In the Spring 1988, while in law school, I wrote a paper, ‘How Safe is Safe Enough?,’ in satisfaction of my healthcare law course under the direction of Professor John Regan. My paper reflected on legal and ethical issues relating to the AIDS epidemic. Included were discussions about the risks and benefits of treatments which affected, beyond a small cohort of about 1500 infected patients at the time, the entire worldwide medical community of caregivers and their families. As a member of the latter group, I as a heart surgeon was one who figuratively ‘bathed in blood’ almost daily. Moreover, for privacy reasons, I could not find out which of my patients had the highly infectious disease; so we surgeons all double gloved and otherwise flew on a wing and a prayer; plus lots of hand washing and showering.

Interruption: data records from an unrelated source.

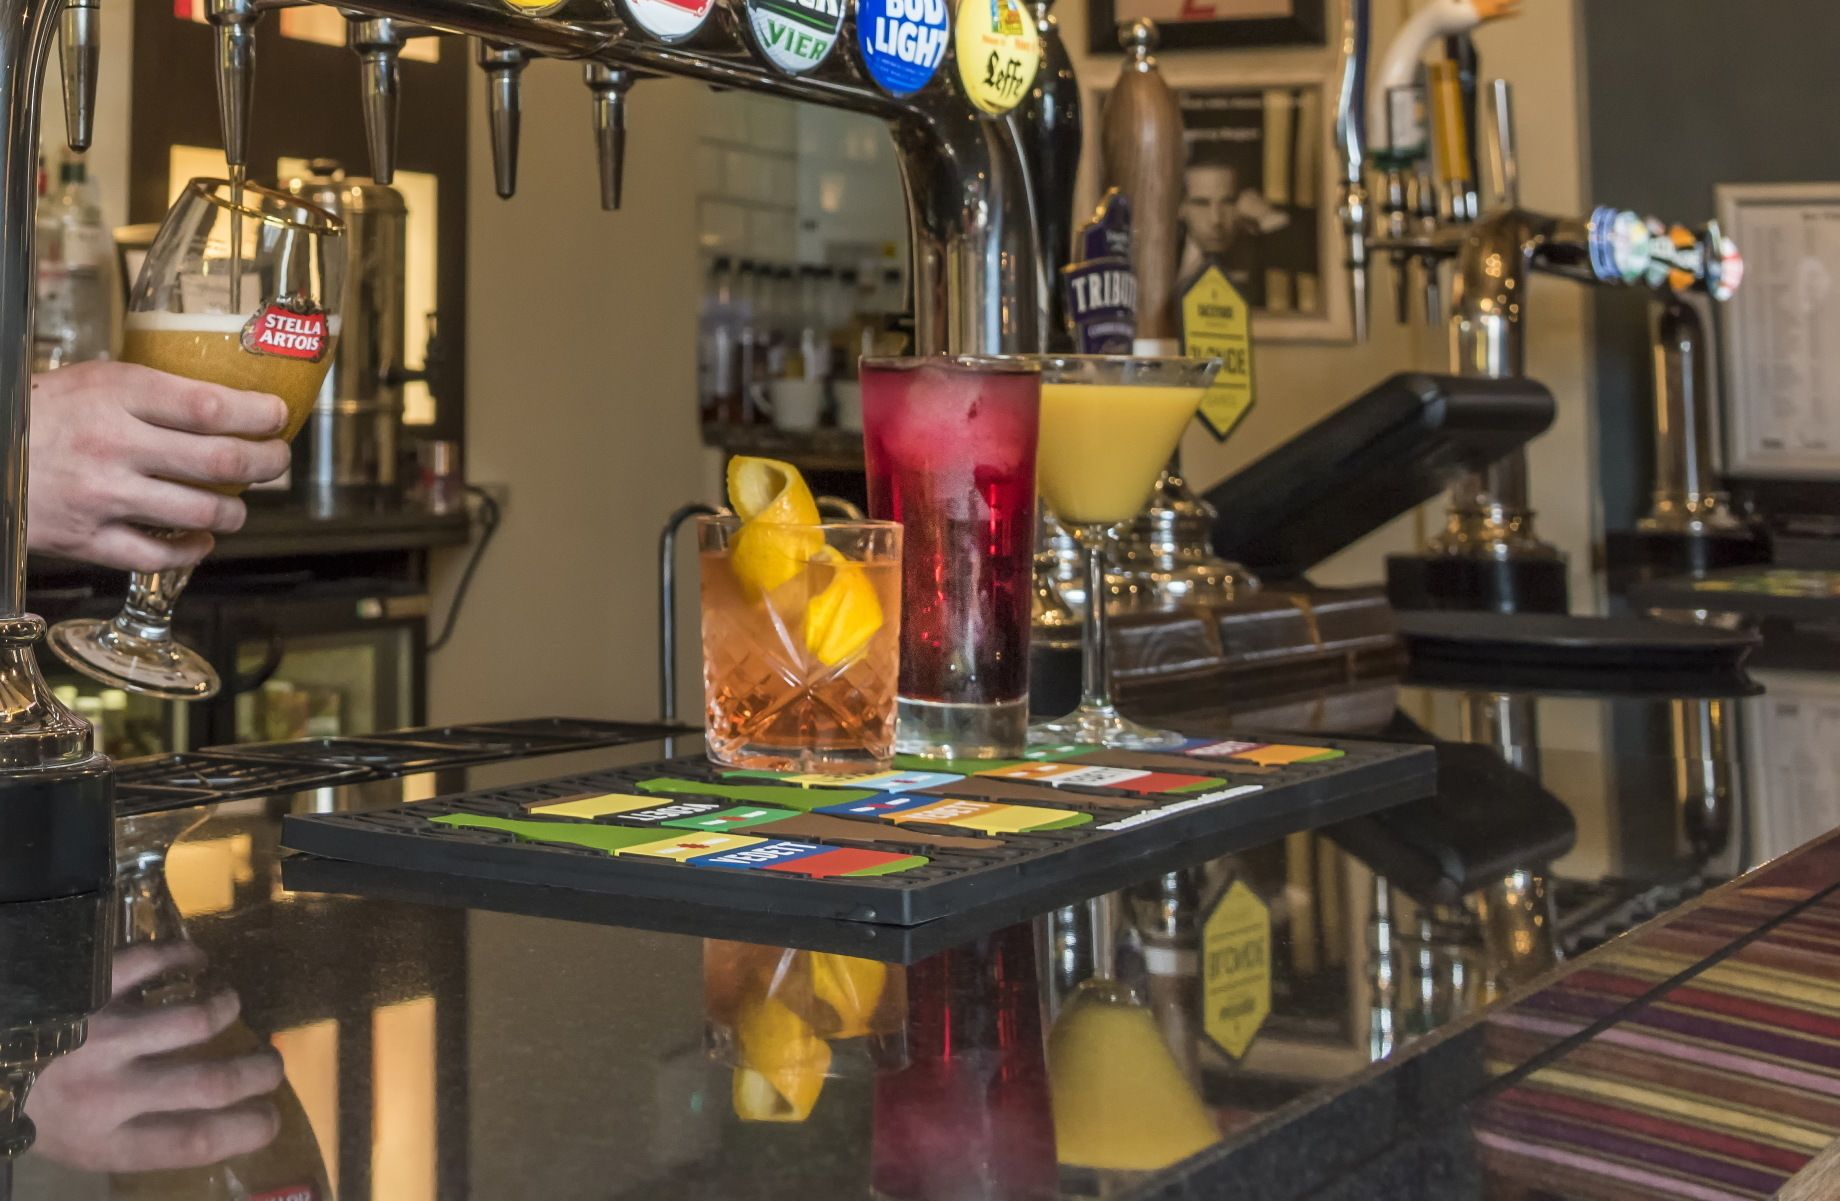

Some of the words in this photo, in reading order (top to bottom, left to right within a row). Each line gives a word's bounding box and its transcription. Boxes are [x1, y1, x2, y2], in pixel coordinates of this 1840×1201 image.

[768, 19, 828, 61] VIER
[875, 16, 949, 69] LIGHT
[982, 50, 1024, 99] Leffe
[1072, 270, 1138, 314] TRIBUT
[259, 329, 320, 350] ARTOIS
[265, 313, 321, 335] STELLA
[617, 803, 719, 821] VEDETT
[708, 841, 817, 864] VEDETT

But the lessons we learned all-too-slowly after thirty-five years of global AIDS were to test, track and treat. When I had written ‘How Safe is Safe Enough?’ our nation was emerging from a recession, plagued by AIDS and overwhelmed by Iran-Contra. Reflecting today on my law school research, our federal and state governments in 1988 failed to intervene in the manner of today’s most heroic of governmental decisions made by President Trump and Governor Andrew Cuomo and other governors; sacrificing an economy for our lives. That is why on March 9, 2020 I was a first adopter of COVID-19 mitigation of human to human transmission; imitating Isaac Newton’s flight from plague-ridden London to the countryside in 1665. I temporarily closed the doors to my studio in Chelsea; and immediately began working at my Long Island home on my next show, ‘The Best is Yet to Be.’ It is about George Sarton’s Introduction to the History of Science from Rabbi Ben Ezra to Roger Bacon; that same Rabbi Ben Ezra sung by Robert Browning in his poem which I have dialogically transformed from words into paintings, light sculptures and videos of constellations of dots; all aspiring towards the starry nights ahead!